## EXERCISE BRIEF:
In your copy, each line below is repeated exactly and no image appears.

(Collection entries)
=======

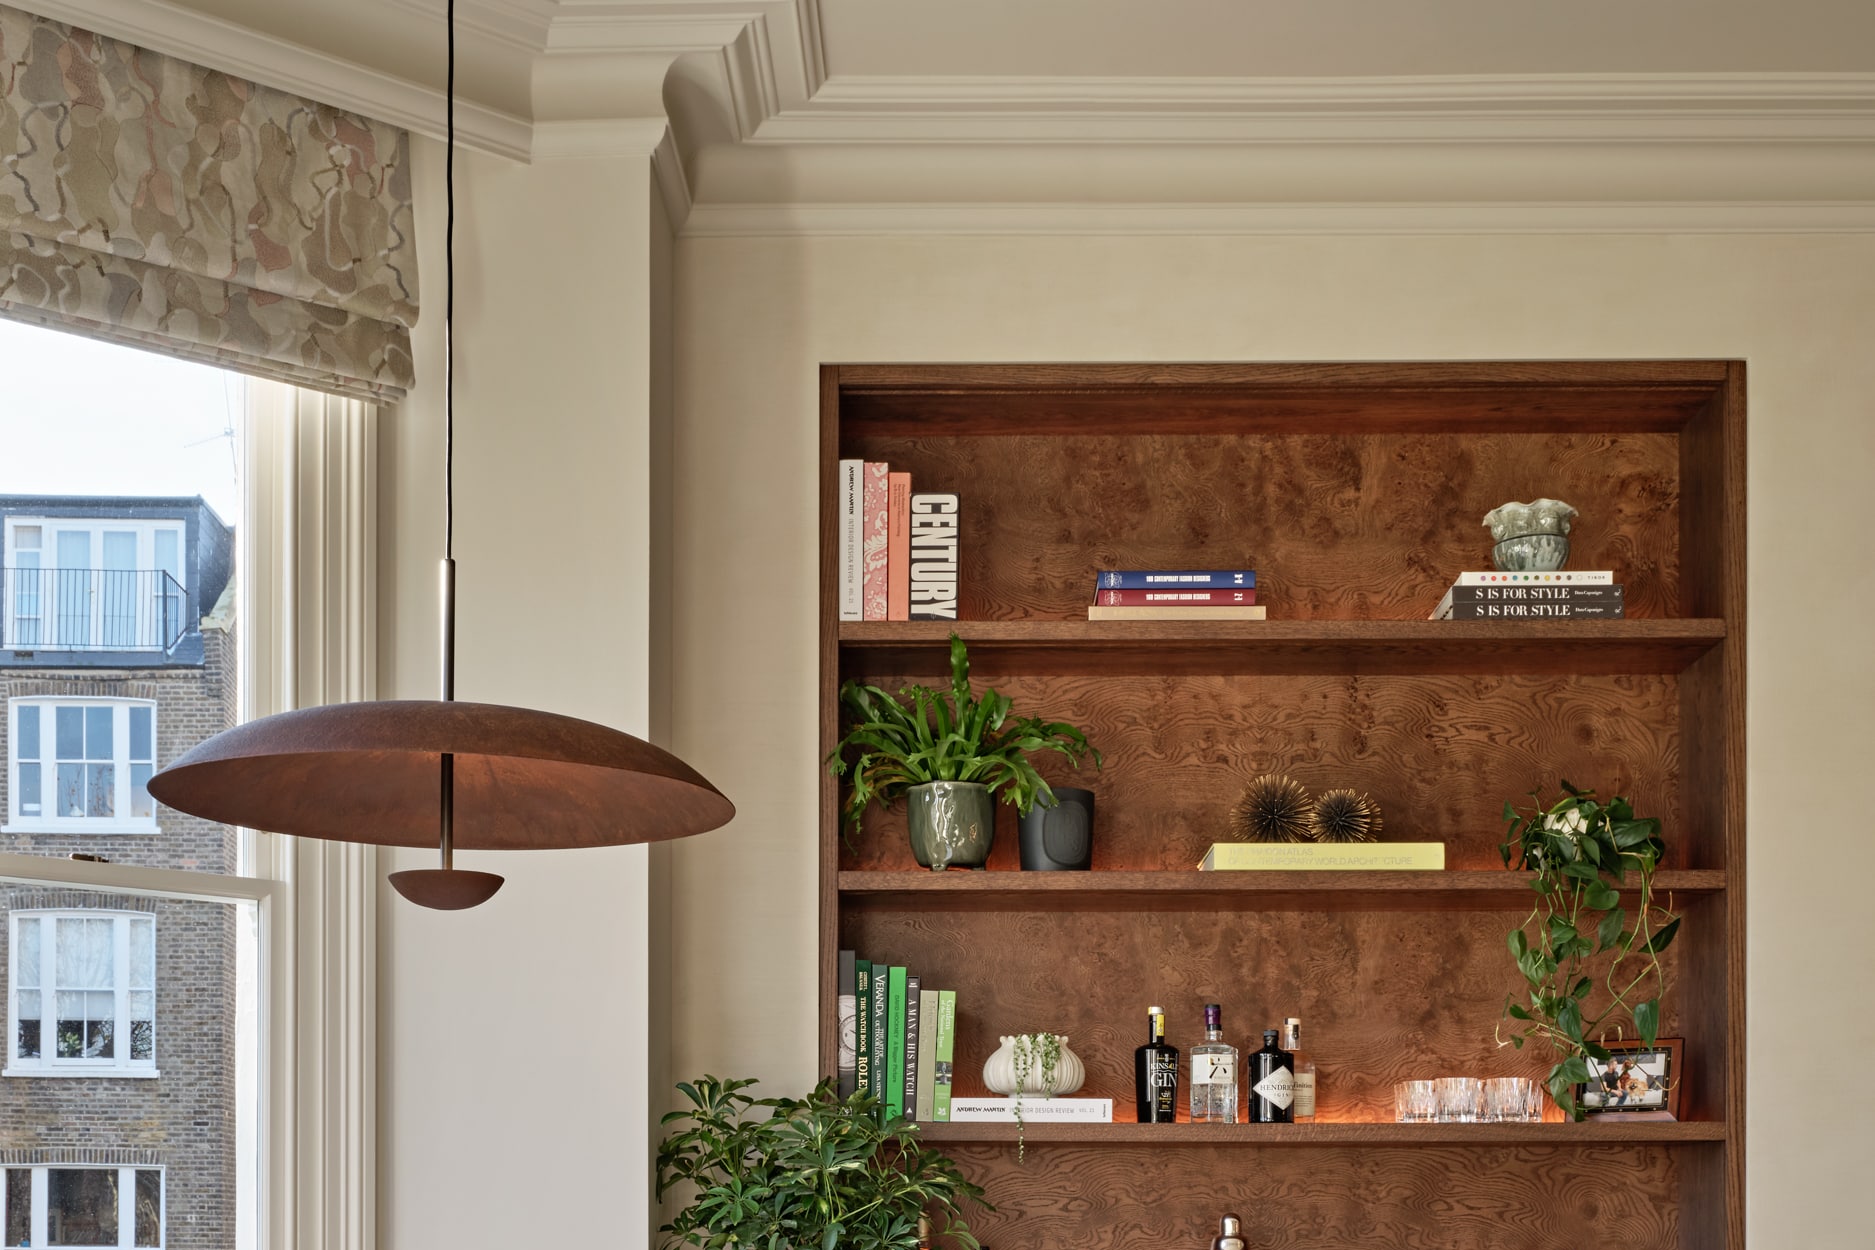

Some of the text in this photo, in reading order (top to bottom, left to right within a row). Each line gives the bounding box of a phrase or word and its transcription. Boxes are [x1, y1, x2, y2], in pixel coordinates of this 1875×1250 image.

[911, 494, 957, 619] CENTURY
[1475, 588, 1570, 599] S IS FOR STYLE
[1476, 605, 1571, 616] S IS FOR STYLE
[1314, 857, 1346, 865] WORLD
[1348, 857, 1413, 865] ARCHITCTURE
[875, 974, 885, 1017] VERANDA
[907, 1009, 917, 1029] MAN
[945, 1000, 953, 1030] Gardens
[907, 1043, 915, 1060] HIS
[906, 1061, 915, 1096] WATCH
[1150, 1072, 1177, 1087] GIN
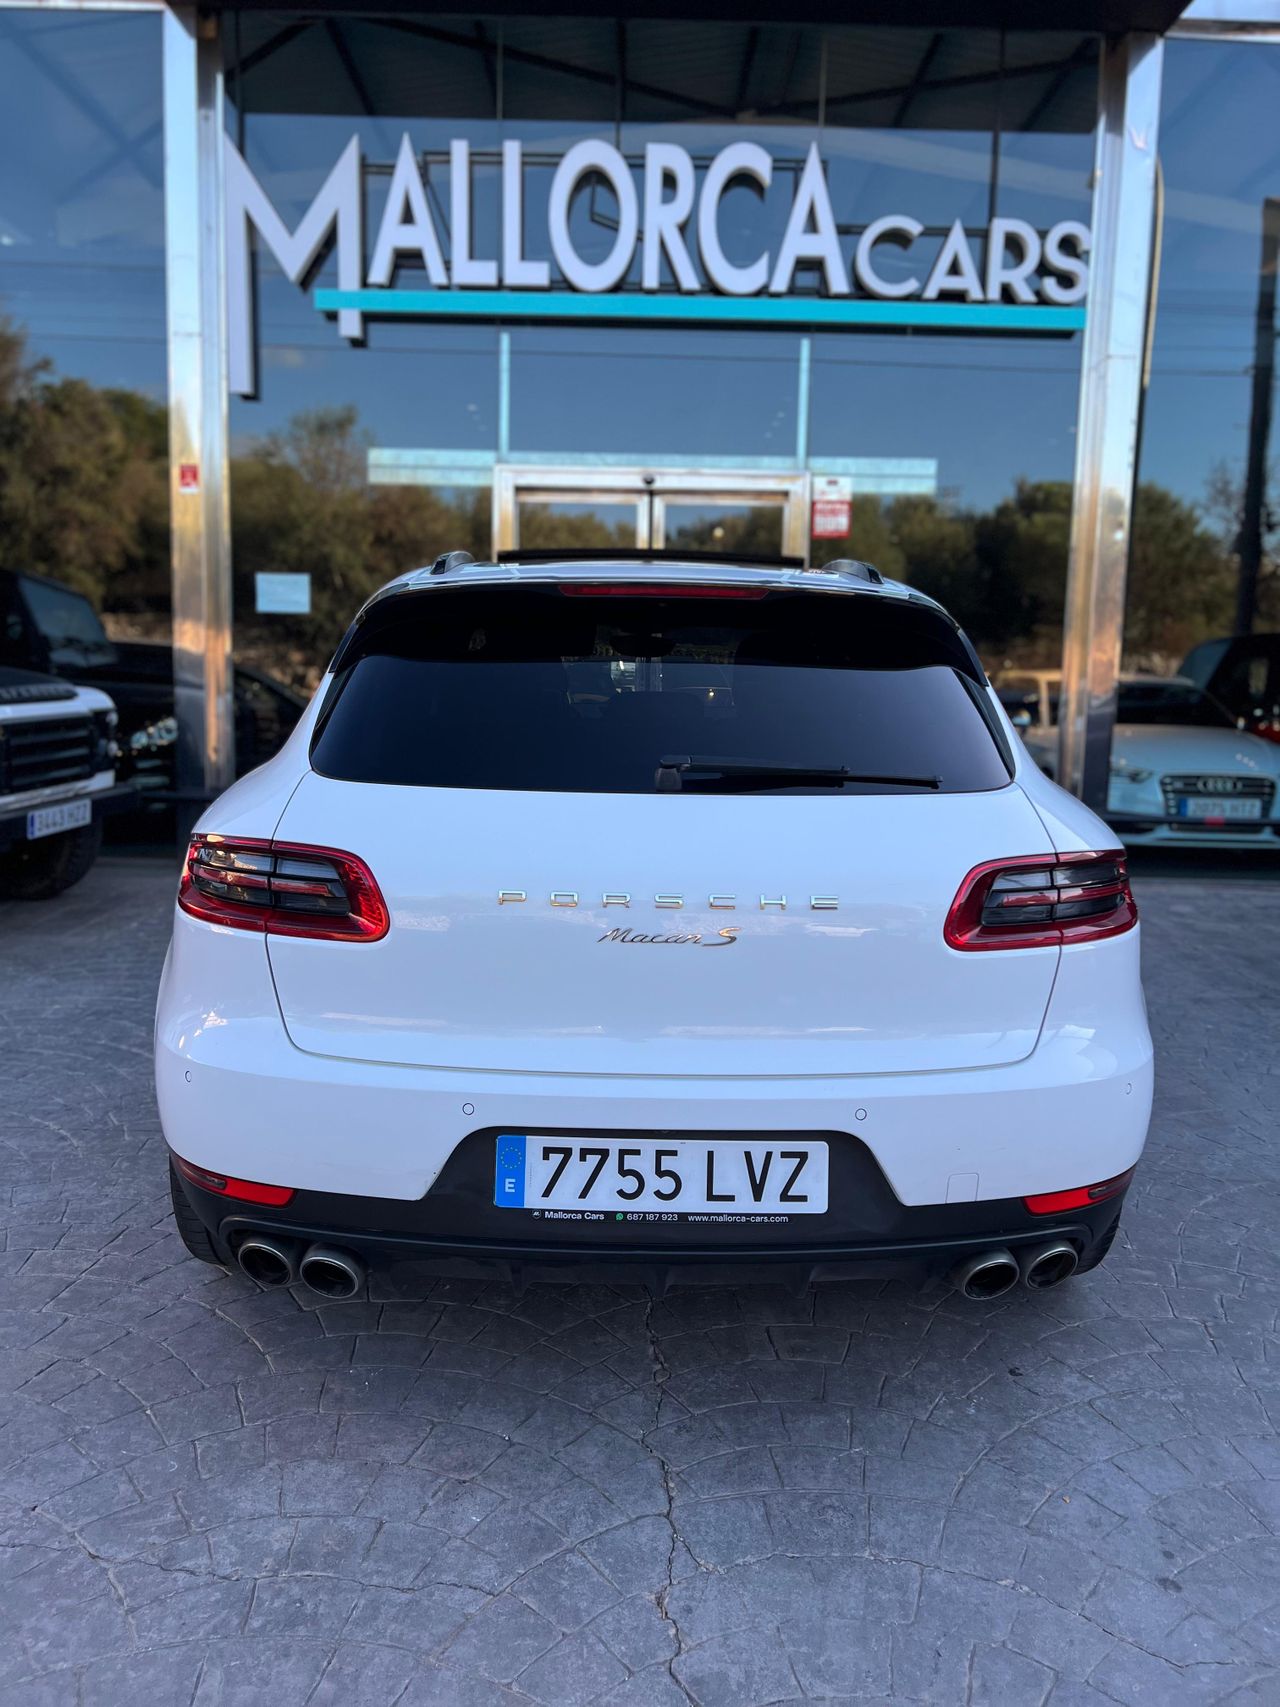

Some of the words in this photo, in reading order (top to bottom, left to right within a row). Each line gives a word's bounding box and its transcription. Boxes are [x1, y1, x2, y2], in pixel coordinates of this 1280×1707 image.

[224, 132, 852, 396] MALLORCA
[854, 214, 1092, 306] CARS
[498, 890, 839, 910] PORSCHE
[597, 926, 702, 944] Macan
[702, 926, 742, 947] S
[541, 1146, 683, 1201] 7755
[706, 1150, 809, 1203] LVZ
[504, 1178, 516, 1193] E
[544, 1211, 582, 1220] Mallorca
[584, 1212, 605, 1220] Cars
[626, 1213, 644, 1221] 687
[645, 1213, 660, 1221] 187
[661, 1213, 678, 1221] 923
[687, 1213, 789, 1223] www.mallorca-cars.com

=======

## RESPONSE FOR THIS EXERCISE:
Some of the text in this photo, in reading order (top to bottom, left to right within a row). Each line gives the bounding box of a phrase or word and its transcription. Boxes are [x1, y1, x2, y2], in pixel coordinates of this 1875×1250 image.

[911, 494, 957, 619] CENTURY
[1475, 588, 1570, 599] S IS FOR STYLE
[1476, 605, 1571, 616] S IS FOR STYLE
[1314, 857, 1346, 865] WORLD
[1348, 857, 1413, 865] ARCHITCTURE
[875, 974, 885, 1017] VERANDA
[907, 1009, 917, 1029] MAN
[945, 1000, 953, 1030] Gardens
[907, 1043, 915, 1060] HIS
[906, 1061, 915, 1096] WATCH
[1150, 1072, 1177, 1087] GIN

Some of the words in this photo, in reading order (top to bottom, left to right within a row). Each line gives a word's bounding box and its transcription. Boxes are [x1, y1, x2, y2], in pixel coordinates of this 1280×1707 image.

[224, 132, 852, 396] MALLORCA
[854, 214, 1092, 306] CARS
[498, 890, 839, 910] PORSCHE
[597, 926, 702, 944] Macan
[702, 926, 742, 947] S
[541, 1146, 683, 1201] 7755
[706, 1150, 809, 1203] LVZ
[504, 1178, 516, 1193] E
[544, 1211, 582, 1220] Mallorca
[584, 1212, 605, 1220] Cars
[626, 1213, 644, 1221] 687
[645, 1213, 660, 1221] 187
[661, 1213, 678, 1221] 923
[687, 1213, 789, 1223] www.mallorca-cars.com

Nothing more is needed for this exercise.